エジプト旅行記





~誰がために~

僕らは出会った瞬間にハグをした。
そのハグは強かった。10ヶ月間、二人が会えなかったことを一気に解き放ったような感じだった。

僕は彼女にペットボトルの水を渡し、ここまで来てくれたことを感謝し、労をねぎらった。

僕と彼女はテンションが一気に上がり、空港から市内に向かった。僕は事前に宿の場所を調べていて、キングトゥトホテルはタフリール広場からタラートハルプ通りをまっすぐ行ったところにあり、小さい看板が立っていたのを前日に確認していた。

空港から市内に行くバスは中々こない。普段なら面倒だと思う海外では当たり前の光景も、彼女と一緒だと楽しくてしょうがなかった。やがてバスは来た。バスを待っているときも、バスに乗っているときも、宿まで歩いているときも、僕は彼女と一緒にいて、三軒茶屋にいたころと同じように、ただ、話をしているだけで幸せだった。僕はこの時、ずっと捨ててきた、ずっと忘れていた恋というものをしていた。

宿に着くと、彼女は僕のクレジットカード、パソコン、喘息の薬、音楽が入っているUSBを僕に渡した。

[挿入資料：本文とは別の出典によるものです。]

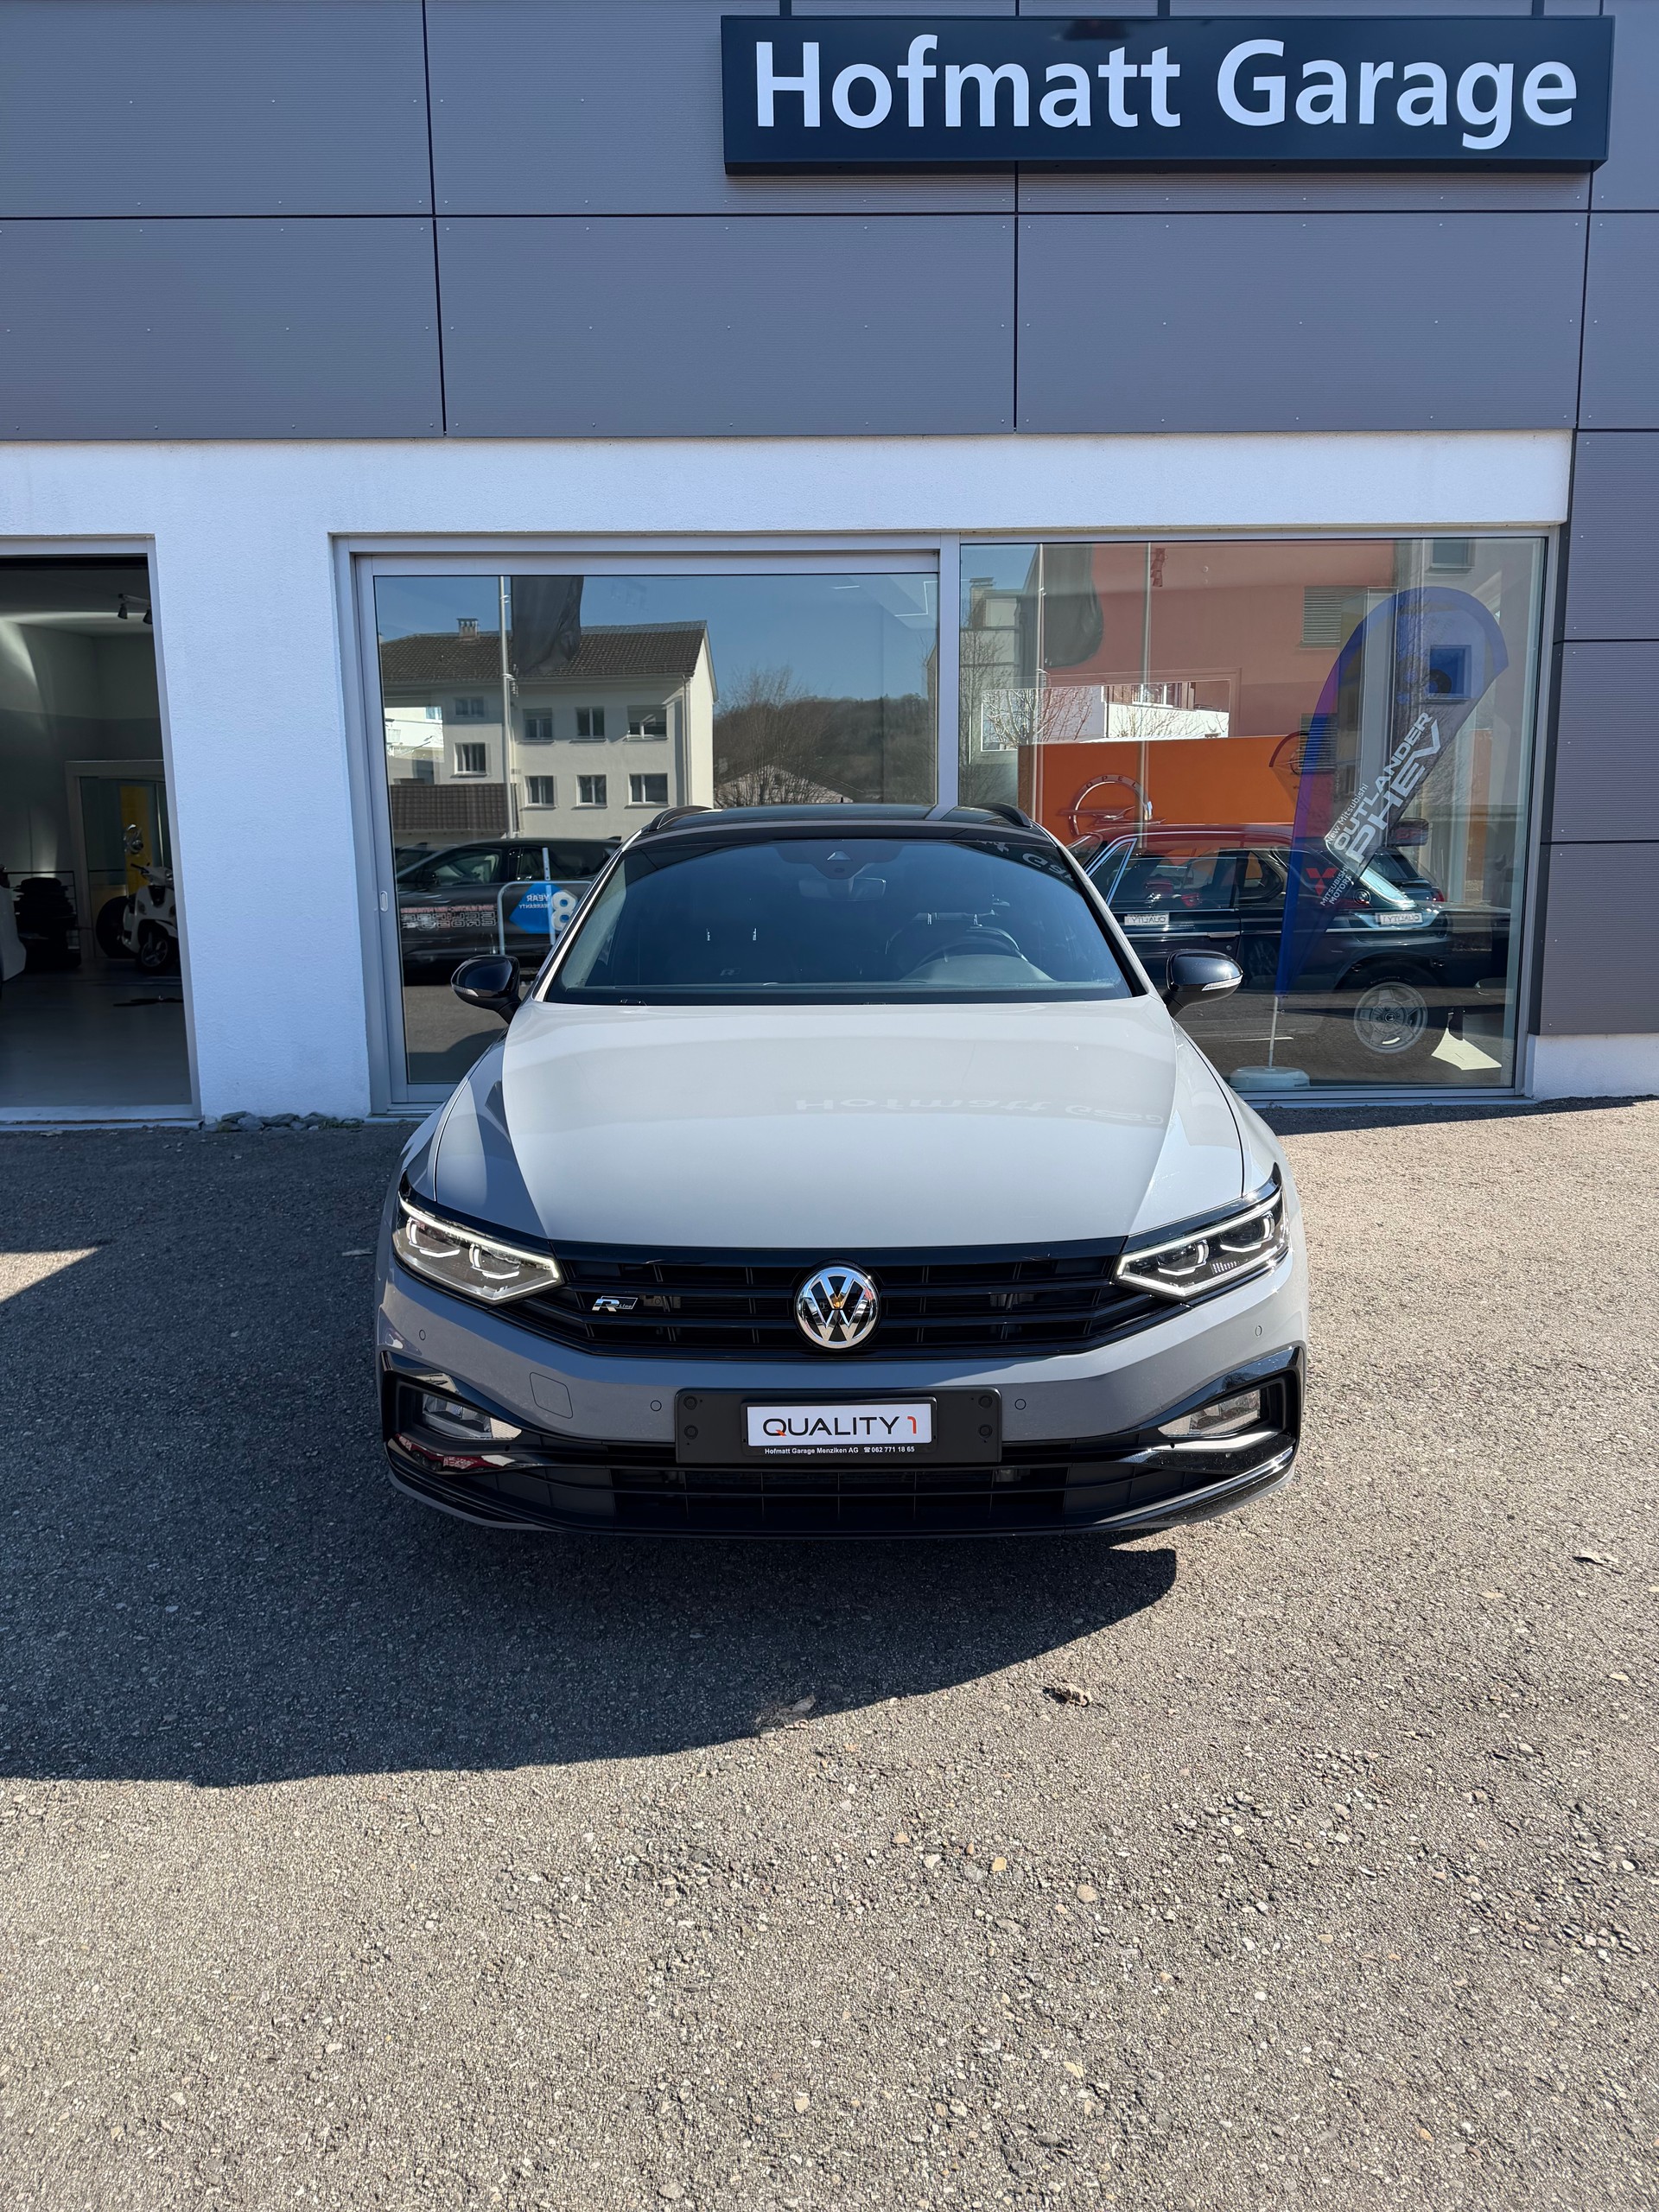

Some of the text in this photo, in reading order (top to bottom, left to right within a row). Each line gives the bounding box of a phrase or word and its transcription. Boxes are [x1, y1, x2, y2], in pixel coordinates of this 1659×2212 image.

これは僕がペルーで強盗に遭ったあと、日本で再発行し、家族に頼んで彼女の元に送ってもらい、彼女に持ってきてもらうようにお願いしたものだった。これですべての装備が整った。ようやく、僕は旅人として、バックパッカーとして、旅を完璧に続行できる状態にまで戻れた。

僕はあえて彼女に頼んだ。それは彼女に全幅の信頼を寄せていたからだった。自分の持っているすべてのクレジットカードを一時的にであれ他人に預けるということは誰であっても怖い。家族から大使館経由のほうが安心はできる。だが、僕はまだ知り合ってから1年半にも満たないこの文学少女を信じた。たった1年半しか付き合いがないにもかかわらず、僕は彼女を家族同然に思っていた。また、これ絶対に彼女に会うためにエジプトに行くという意思表示でもあった。彼女と会わなければ僕は旅を続行できない。

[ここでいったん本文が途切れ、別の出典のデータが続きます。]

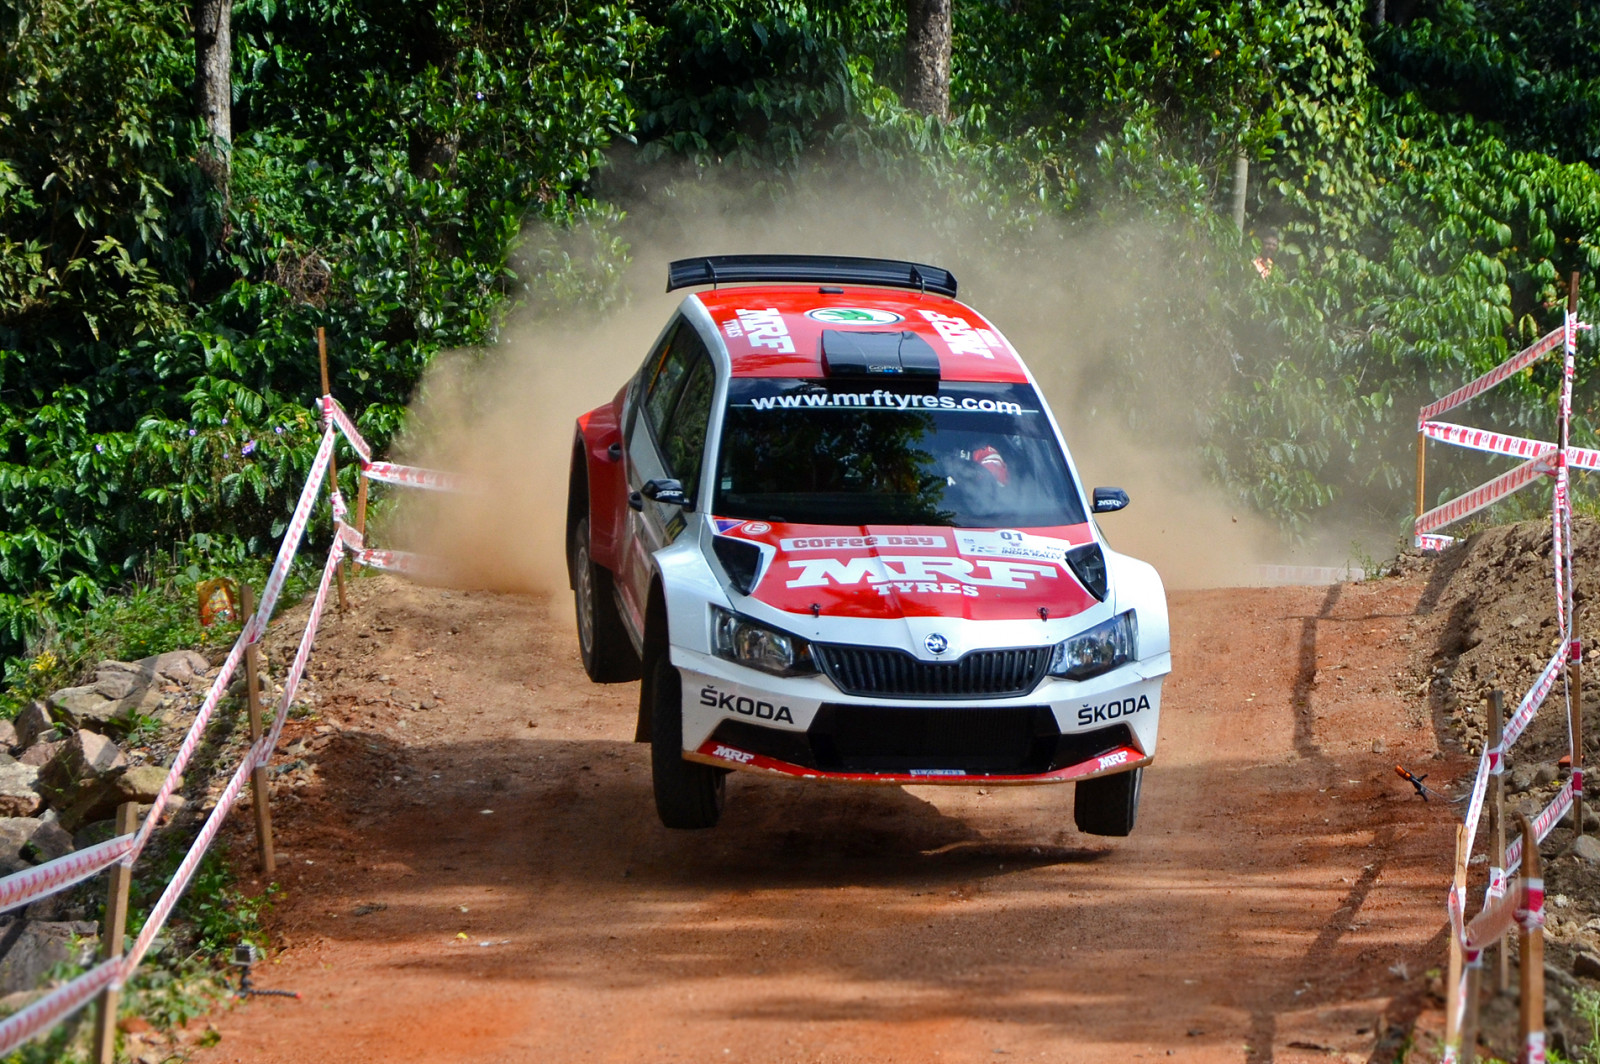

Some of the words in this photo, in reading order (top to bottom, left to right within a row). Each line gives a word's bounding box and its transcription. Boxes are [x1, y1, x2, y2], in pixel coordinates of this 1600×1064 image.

あまり素直に面と向かって「ありがとう」言えず、ちょっと照れ隠しのように「ありがとう」と言うと、彼女はどっと疲れが出たようでベッドに横たわった。僕は自分が思っていた以上に彼女は精神的な重みを感じていたのだなと思い、「ごめんなさい」とそしてさらに「ありがとう」と心の中で思った。

「私はあなたが好きです。」と彼女は突然僕に面と向かって言った。もう言わなくても、言葉がなくても、雰囲気で伝わってくる。僕は幸せだった。うまく表情に出せなかったかもしれないが、僕の心は感謝と愛情で満たされた。

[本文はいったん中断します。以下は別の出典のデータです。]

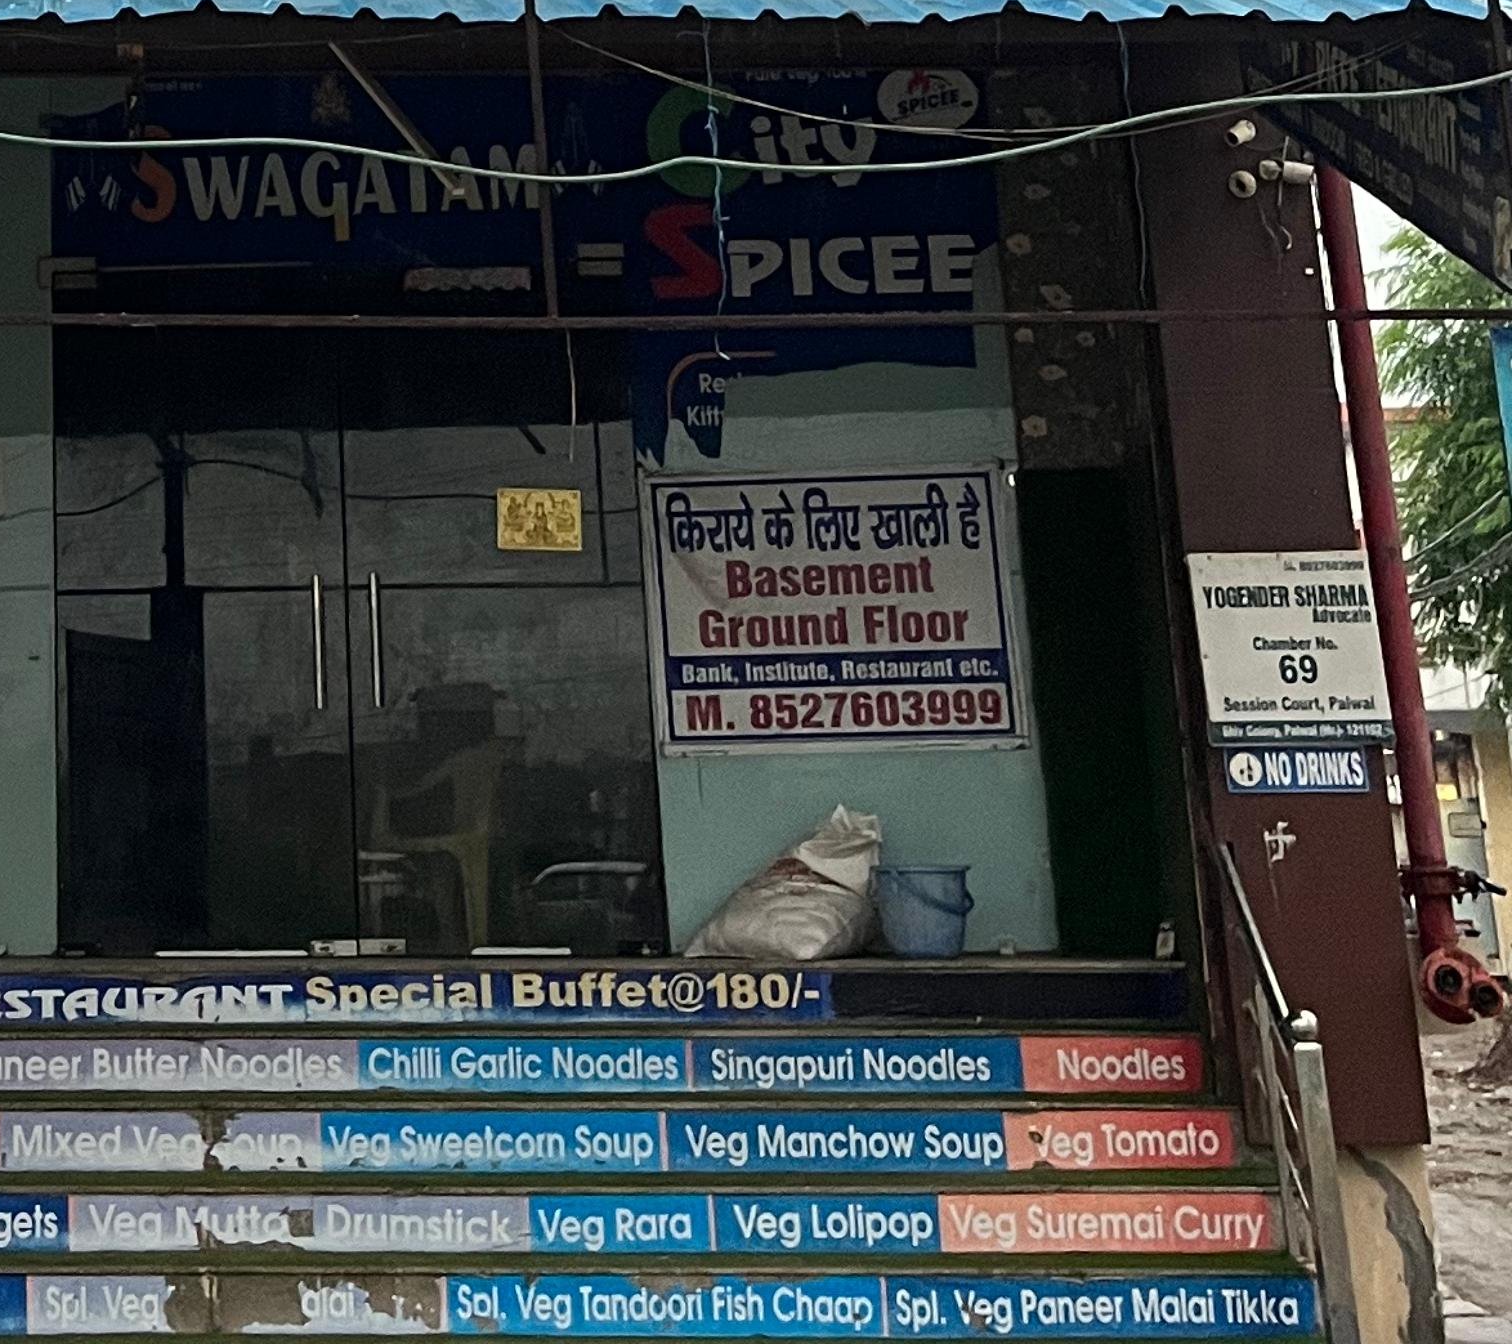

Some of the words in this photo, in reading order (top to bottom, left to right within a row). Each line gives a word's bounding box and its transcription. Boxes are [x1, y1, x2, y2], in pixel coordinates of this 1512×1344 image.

[897, 87, 960, 117] SPICEE
[646, 78, 878, 199] City
[130, 126, 542, 243] SWAGATAM
[643, 199, 976, 303] SPICEE
[686, 405, 725, 428] Kitt
[664, 491, 756, 554] किराये
[761, 490, 795, 551] के
[803, 487, 862, 551] लिए
[868, 483, 949, 550] खाली
[956, 481, 981, 549] है
[725, 556, 935, 600] Basement
[1202, 584, 1290, 609] YOGENDER
[1294, 583, 1369, 607] SHARMA
[698, 606, 849, 649] Ground
[862, 605, 970, 645] Floor
[1252, 636, 1312, 652] Chamber
[1315, 636, 1338, 651] No.
[681, 663, 739, 685] Bank,
[841, 658, 954, 681] Restaurant
[959, 658, 999, 679] etc.
[1278, 654, 1319, 685] 69
[686, 694, 736, 731] M.
[749, 688, 1002, 731] 8527603999
[1223, 696, 1278, 713] Session
[1281, 696, 1325, 715] Court,
[1264, 751, 1292, 787] NO
[1294, 751, 1365, 787] DRINKS
[305, 973, 493, 1016] Special
[93, 1046, 189, 1080] Butter
[201, 1046, 343, 1081] Noodles
[367, 1046, 442, 1080] Chilli
[450, 1047, 542, 1080] Garlic
[552, 1047, 679, 1080] Noodles
[711, 1047, 854, 1089] Singapuri
[863, 1047, 991, 1082] Noodles
[1057, 1047, 1187, 1081] Noodles
[11, 1123, 122, 1159] Mixed
[223, 1127, 303, 1166] oup
[327, 1125, 390, 1165] Veg
[398, 1124, 566, 1161] Sweetcorn
[574, 1124, 654, 1165] Soup
[686, 1125, 748, 1167] Veg
[756, 1124, 915, 1160] Manchow
[924, 1124, 1004, 1166] Soup
[1028, 1124, 1094, 1166] Veg
[1100, 1121, 1221, 1158] Tomato
[175, 1204, 303, 1238] Mutto
[325, 1203, 513, 1243] Drumstick
[538, 1208, 605, 1251] Veg
[614, 1207, 692, 1242] Rara
[733, 1204, 802, 1248] Veg
[811, 1203, 934, 1249] Lolipop
[949, 1204, 1017, 1247] Veg
[1026, 1204, 1164, 1241] Suremai
[1174, 1205, 1265, 1250] Curry
[515, 1288, 572, 1329] Veg
[579, 1286, 703, 1323] Tandoori
[712, 1286, 764, 1323] Fish
[772, 1287, 874, 1330] Chaap
[895, 1288, 946, 1331] Spl.
[953, 1291, 1014, 1331] Veg
[1019, 1288, 1123, 1325] Paneer
[1132, 1288, 1215, 1324] Malai
[1221, 1288, 1300, 1326] Tikka

僕らはコシャリを食べ、エジプト人のおじさんたちと同じようにチャイハネに行き、水タバコを吸いながらチャイを飲み、ただひたすらに語り続け、笑い続けた。彼女はタバコが尋常ではないほど嫌いな人間だが、水タバコは楽しんでいた。

好きな人とただ一緒にいる。幸せとはこういうものだと、数年ぶりに恋というものをを思い出した。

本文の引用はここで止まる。